Fig. 1. Single-cell trajectory analysis of developing adipocyte progenitors.

Human adipocyte progenitors isolated from tissue biopsies of four adipose depots were collected at five time points (T1–T5) during in vitro differentiation and subsequent single-cell analysis was performed using the 10x Genomics platform. a, Overview of adipose depots and cellular developmental stages. b, t-SNE atlas generated using the Seurat alignment algorithm, analysing proliferating adipocyte progenitors (T1) derived from 11 individuals. Peri, perirenal; subq, subcutaneous; supra, supraclavicular; visce, visceral. c, t-SNE atlas of developing adipocyte progenitors (T1–T5) of four adipose depots from different individuals. The inset indicates the collection time point.
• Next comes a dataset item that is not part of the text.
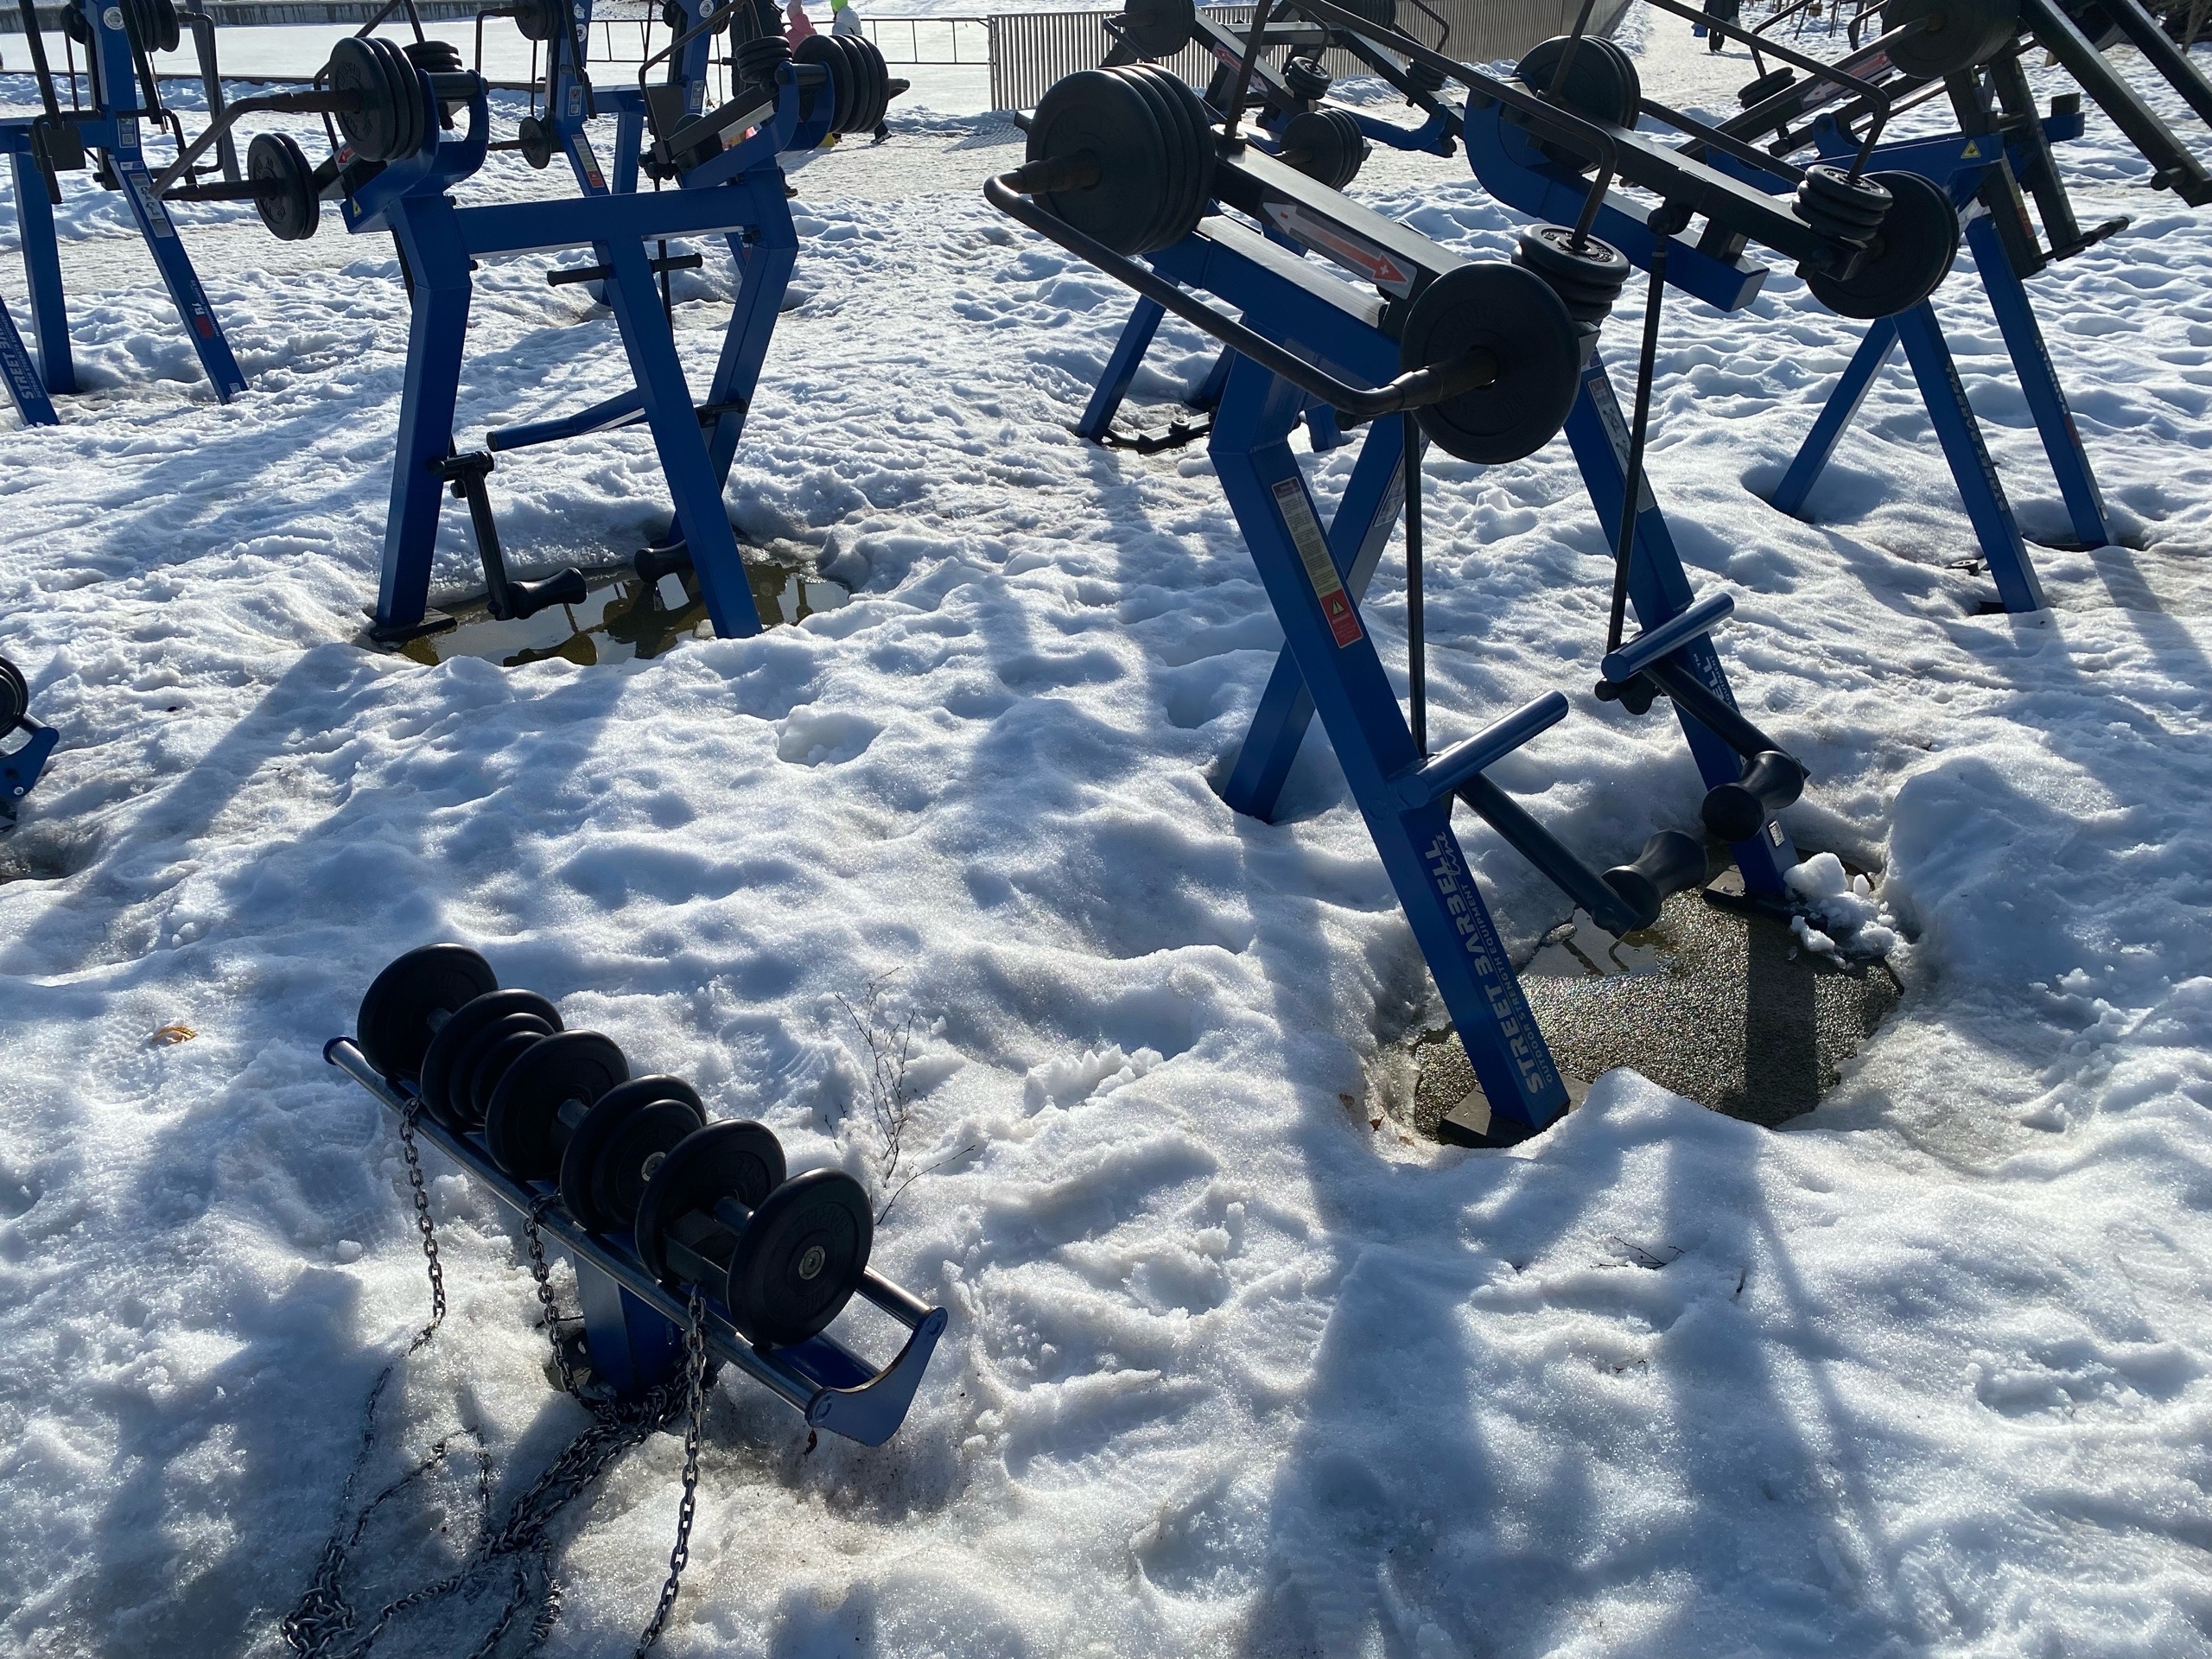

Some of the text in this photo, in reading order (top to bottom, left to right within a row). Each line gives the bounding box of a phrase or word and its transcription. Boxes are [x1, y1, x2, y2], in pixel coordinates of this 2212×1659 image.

[3, 351, 35, 400] STREET
[1977, 446, 2009, 512] STREET
[1424, 839, 1545, 1095] STREET BARBELL
[1460, 883, 1554, 1084] OUTDOOR STRENGTH EQUIPMENT
Clustering analysis grouped T1–T3 samples by adipose depot and T4 and T5 samples by time point and adipose depot. d, Monocle pseudotime trajectory of adipocyte progenitors from T1–T5. Cells from T1–T3 align in a common progenitor (P) branch. Following induction of differentiation, the P branch split into an upper (U) and a lower (L) branch, thus containing cells from T4 and T5. Cells from all depots are represented in the U and L branches (the percentage of cells from each depot is indicated for each branch). The inset shows the trajectory coloured by stretched pseudotime that quantitatively measures how far an adipocyte progenitor has progressed through development. Stretched pseudotime is a normalized pseudotime scale ranging from 0 (least progressed) to 100 (most progressed). e, Cell atlas coloured by trajectory branch identities. The inset shows the cellular development as measured by pseudotime.